Acórdão do Tribunal da Relação do Porto
Processo:
0020203
Nº Convencional: JTRP00028970
Relator: PELAYO GONÇALVES
Descritores: ESPECIFICAÇÃO
DOCUMENTO
ARRENDAMENTO PARA COMÉRCIO OU INDÚSTRIA
FALTA DE FORMA LEGAL
NULIDADE
ARGUIÇÃO
INTERESSADO
CONHECIMENTO OFICIOSO
BENFEITORIAS ÚTEIS
LOCATÁRIO
INDEMNIZAÇÃO
ABUSO DE DIREITO
VENIRE CONTRA FACTUM PROPRIUM
Nº do Documento: RP200005090020203
Data do Acordão: 05/09/2000
Votação: UNANIMIDADE
Tribunal Recorrido: 1 J CIV V N FAMALICÃO
Processo no Tribunal Recorrido: 489/99
Data Dec.
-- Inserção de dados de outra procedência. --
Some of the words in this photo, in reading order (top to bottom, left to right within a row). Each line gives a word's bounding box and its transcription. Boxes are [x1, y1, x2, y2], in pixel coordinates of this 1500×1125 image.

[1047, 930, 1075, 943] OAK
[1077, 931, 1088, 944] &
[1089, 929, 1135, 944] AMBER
Recorrida: 09/24/1999
Texto Integral: N
Privacidade: 1
Meio Processual: APELAÇÃO.
Decisão: CONFIRMADA A DECISÃO.
Área Temática: DIR PROC CIV.
DIR CIV - TEORIA GERAL / DIR CONTRAT.
Legislação Nacional: CPC67 ART659 N2.
RAU90 ART7 N2 B.
CCIV66 ART216 ART280 ART286 ART334 ART1046 N1 ART1273 N1 N2 ART1275.
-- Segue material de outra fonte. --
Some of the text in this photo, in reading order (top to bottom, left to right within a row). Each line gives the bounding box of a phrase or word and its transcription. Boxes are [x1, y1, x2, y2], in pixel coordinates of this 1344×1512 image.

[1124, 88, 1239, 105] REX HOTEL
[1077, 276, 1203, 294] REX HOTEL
Jurisprudência Nacional: AC STJ DE 1993/10/28 IN BMJ N430 PAG443.
AC RL DE 1998/03/26 IN CJ T2 ANOXXIII PAG111.
AC STJ DE 1991/10/21 IN BMJ N409 PAG735.
Sumário: I - Não basta dar como reproduzidos determinados documentos, sendo necessário, antes, "discriminar os factos" como determina o artigo 659 n.2 do Código de Processo Civil.
II - A proibição do "venire contra factum proprium" cai no âmbito do abuso do direito através da formula legal que considera ilegítimo o exercício de um direito quando o seu titular exceda, manifestamente os limites impostos pela boa fé.
III - O abuso de direito tem de considerar-se equivalente à falta de direito.
IV - A falta de forma legal na celebração do contrato de arrendamento prevista no artigo 7 n.2 do Regime do Arrendamento Urbano, enquadra-se nos artigos 280 e 286 do Código Civil, sendo a nulidade invocável a todo o tempo por qualquer interessado e pode ser declarada oficiosamente pelo tribunal.
V - O regime de nulidades que decorre dos artigos 285 e seguintes do Código Civil, obsta à arguição - por inobservância da forma legal - fundada em abuso de direito.
VI - O "anexo" construído pelo locatário para aumentar a capacidade da sala do restaurante é uma benfeitoria útil, cujo levantamento só seria possível por destruição com a consequente perda do seu valor, e constitui factor de aumento de valor do prédio onde foi levantado; daí deve ser indemnizado do seu valor quem o construiu.